# TASK INSTRUCTIONS
When copying the listing below, skip every picture and keep each word as it stands.

# DATA SUPPLIED
────────────────

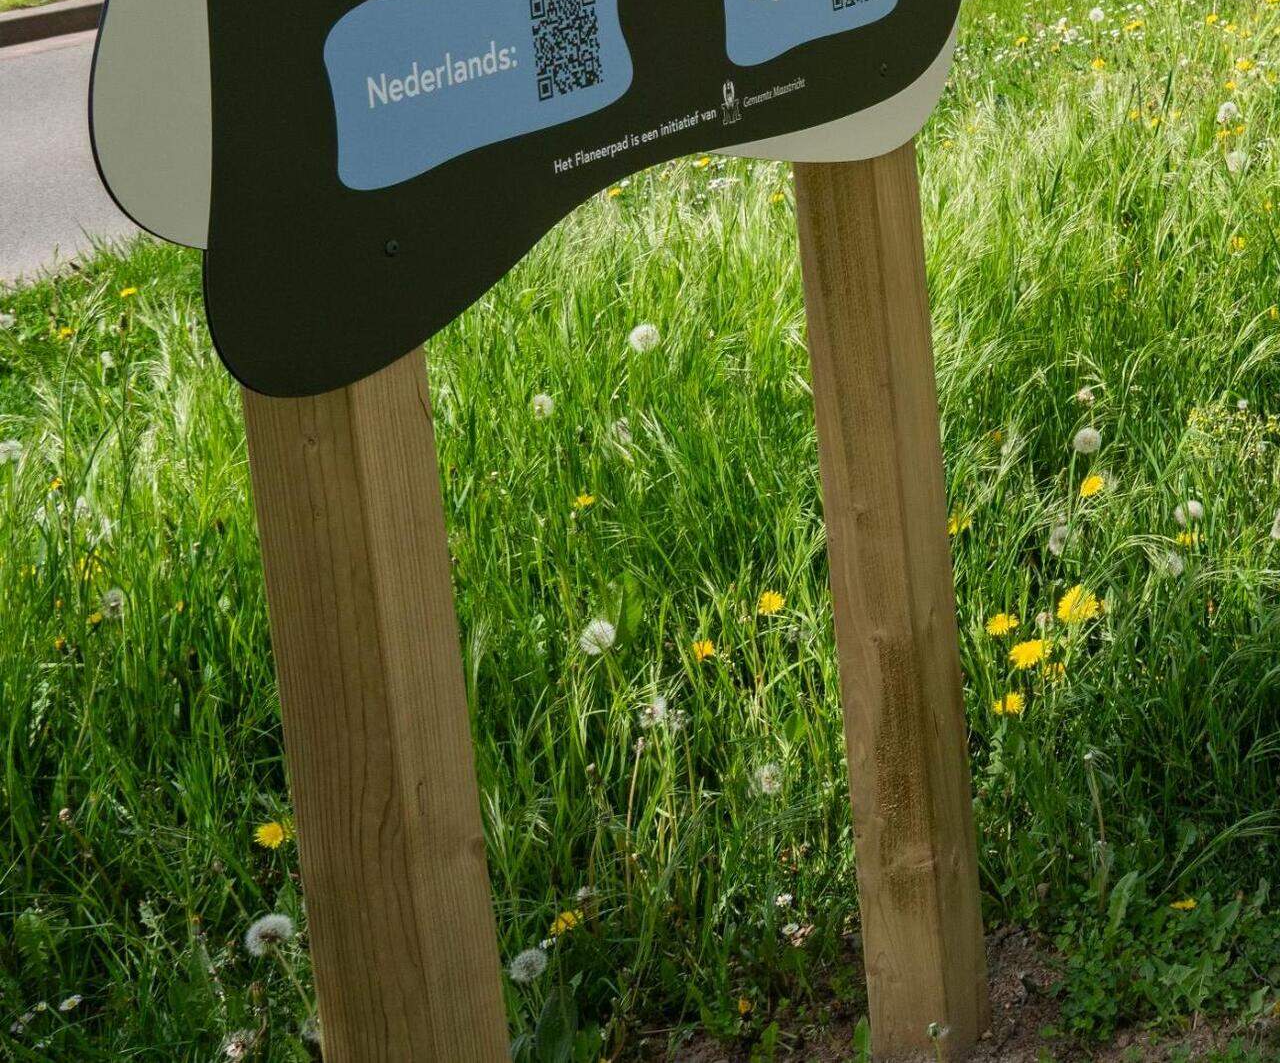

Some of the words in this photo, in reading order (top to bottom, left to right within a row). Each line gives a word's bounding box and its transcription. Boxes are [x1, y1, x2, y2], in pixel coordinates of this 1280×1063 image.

[367, 40, 518, 109] Nederlands:
[554, 158, 573, 174] Het
[575, 135, 629, 167] Flaneerpad
[631, 132, 640, 148] is
[641, 128, 659, 143] een
[660, 111, 700, 136] initiatief
[701, 108, 717, 121] van

────────────────

# EXERCISE RESULT
Some of the words in this photo, in reading order (top to bottom, left to right within a row). Each line gives a word's bounding box and its transcription. Boxes are [x1, y1, x2, y2], in pixel coordinates of this 1280×1063 image.

[367, 40, 518, 109] Nederlands:
[554, 158, 573, 174] Het
[575, 135, 629, 167] Flaneerpad
[631, 132, 640, 148] is
[641, 128, 659, 143] een
[660, 111, 700, 136] initiatief
[701, 108, 717, 121] van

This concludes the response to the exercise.